You Need to Know: NYC Dream Pop Quartet DIIV
Remember the Cotton theme song: "The touch! The feel! Of Cotton!"?Of course you do. Now get this: The guy that wrote it has a son, Zachary Cole Smith, who knows his way around a tune, too, albeit a far looser, dreamier, more reverb-drenched one. As the leader of DIIV, a Brooklyn-based band specializing in shoegaze-y guitar leads and floating-into-the-ether vocals, Smith could be penning his own jingle advertising, say, waving your hand in the wind out of a car window, diving into a clear lake or laying on your back and watching the clouds float by. This is summer music at its most sentimental.
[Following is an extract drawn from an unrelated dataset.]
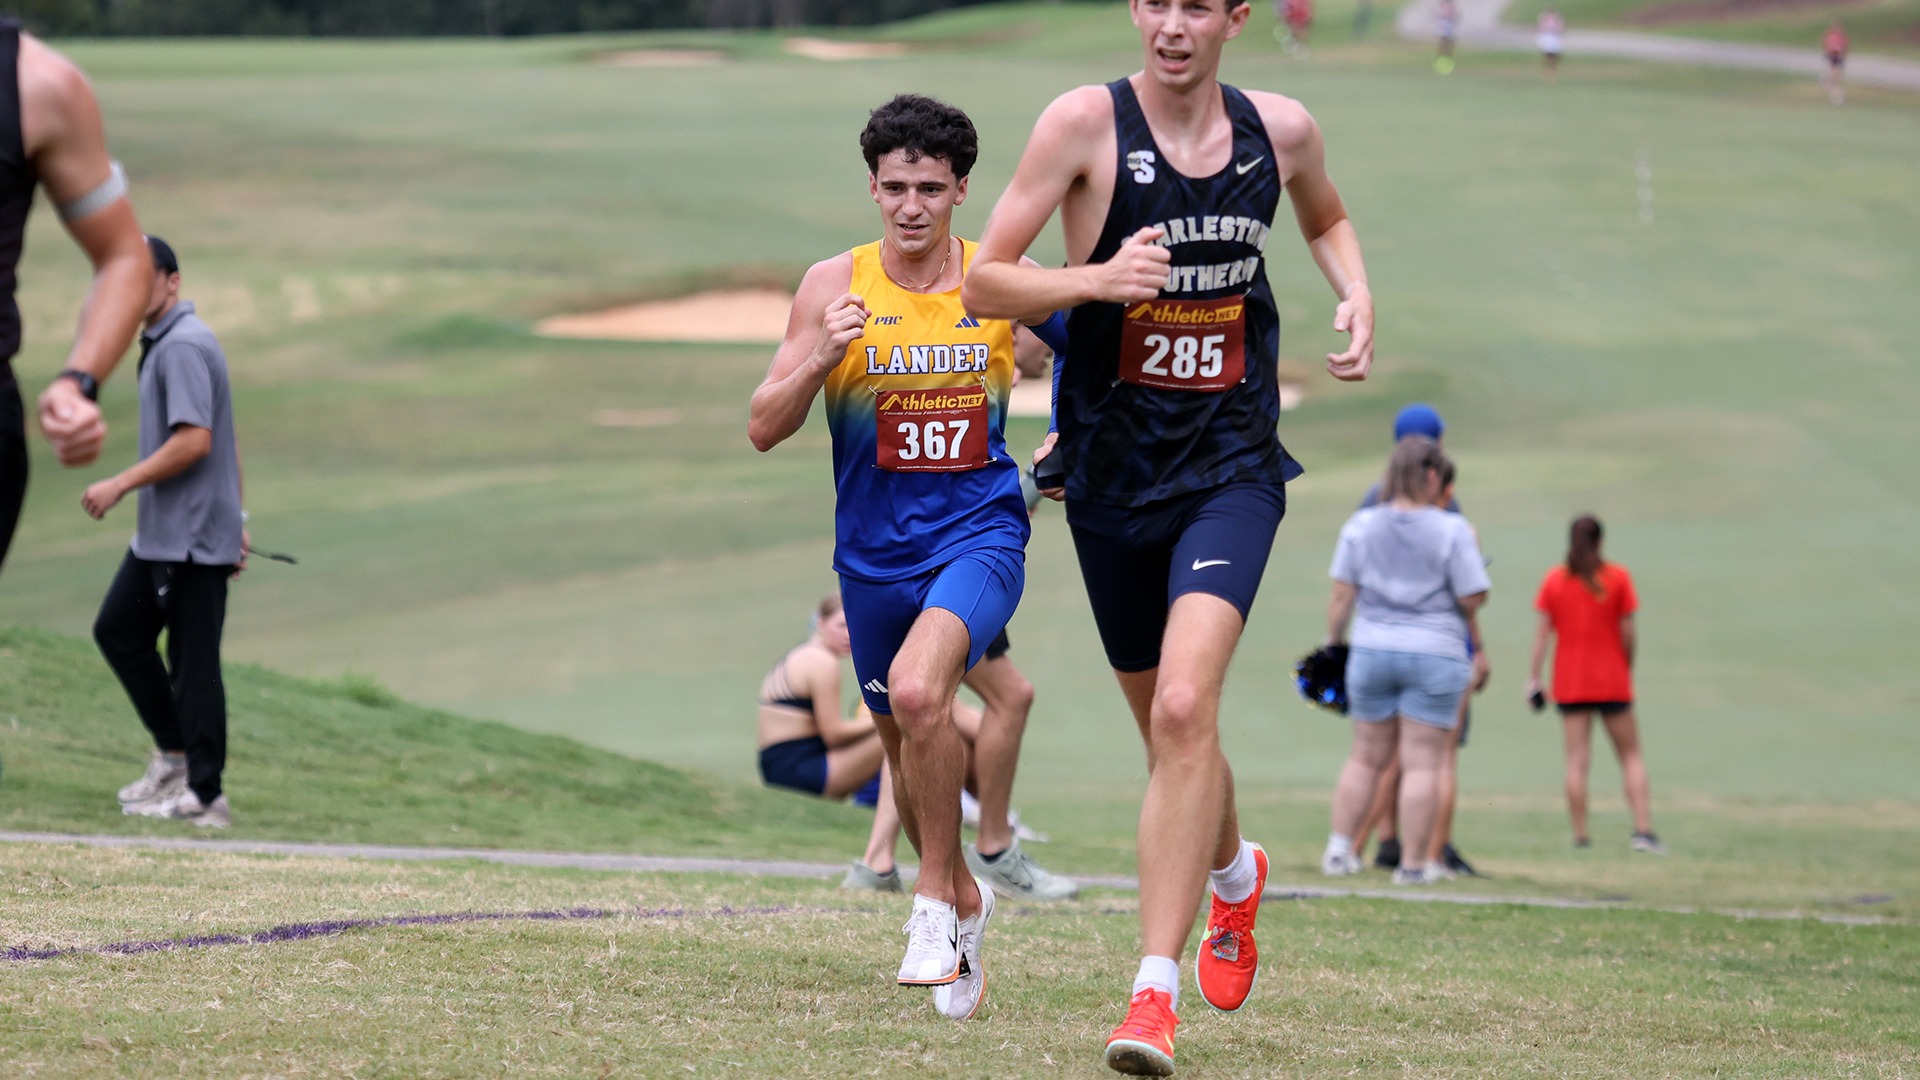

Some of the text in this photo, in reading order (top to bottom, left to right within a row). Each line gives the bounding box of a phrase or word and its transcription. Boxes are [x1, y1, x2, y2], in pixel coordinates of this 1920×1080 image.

DIIV's sound is similar to fellow Brooklynites Real Estate and Beach Fossils, who Smith previously toured with. He dipped out of BF to start his solo project in 2011, recording alone in his bedroom, and soon formed a band with a group of pals equally versed in indie rock, including former Smith Westerns drummer Colby Hewitt. Smith originally called the project Dive, after the Nirvana song and the band members' connection to water: "Everybody in the band is a water sign, that's kind of why the name Dive really spoke to us all," he told Pitchfork earlier this year.
They played their first gig last July and quickly inked to Captured Tracks, which released a series of singles. Earlier this year they changed their name to DIIV (reportedly out of respect for the Belgian industrial group Dive), and prepped their recently released debut full-length Oshin. Simply put: It's rad and in constant play on my Spotify. And it's not just a redo of the jangly surf-pop sounds of their aforementioned peers, as their first few singles suggested (and that would've been just fine with me, too). There are hints of darker, Krautrock influences, bright African-style sounds (think Malian guitarists like Baba Salah or Amadou of Amadou & Mariam) and even some post-punk rhythms. And it all flows together effortlessly; an album-length roman candle of twinkling guitars and subtle textures.
But, still, it's all about those guitars and the whispered vocals that ride them like a secret between lovers. Perhaps lovers laying on their backs in the grass, on a Polaroid summer day, watching the clouds.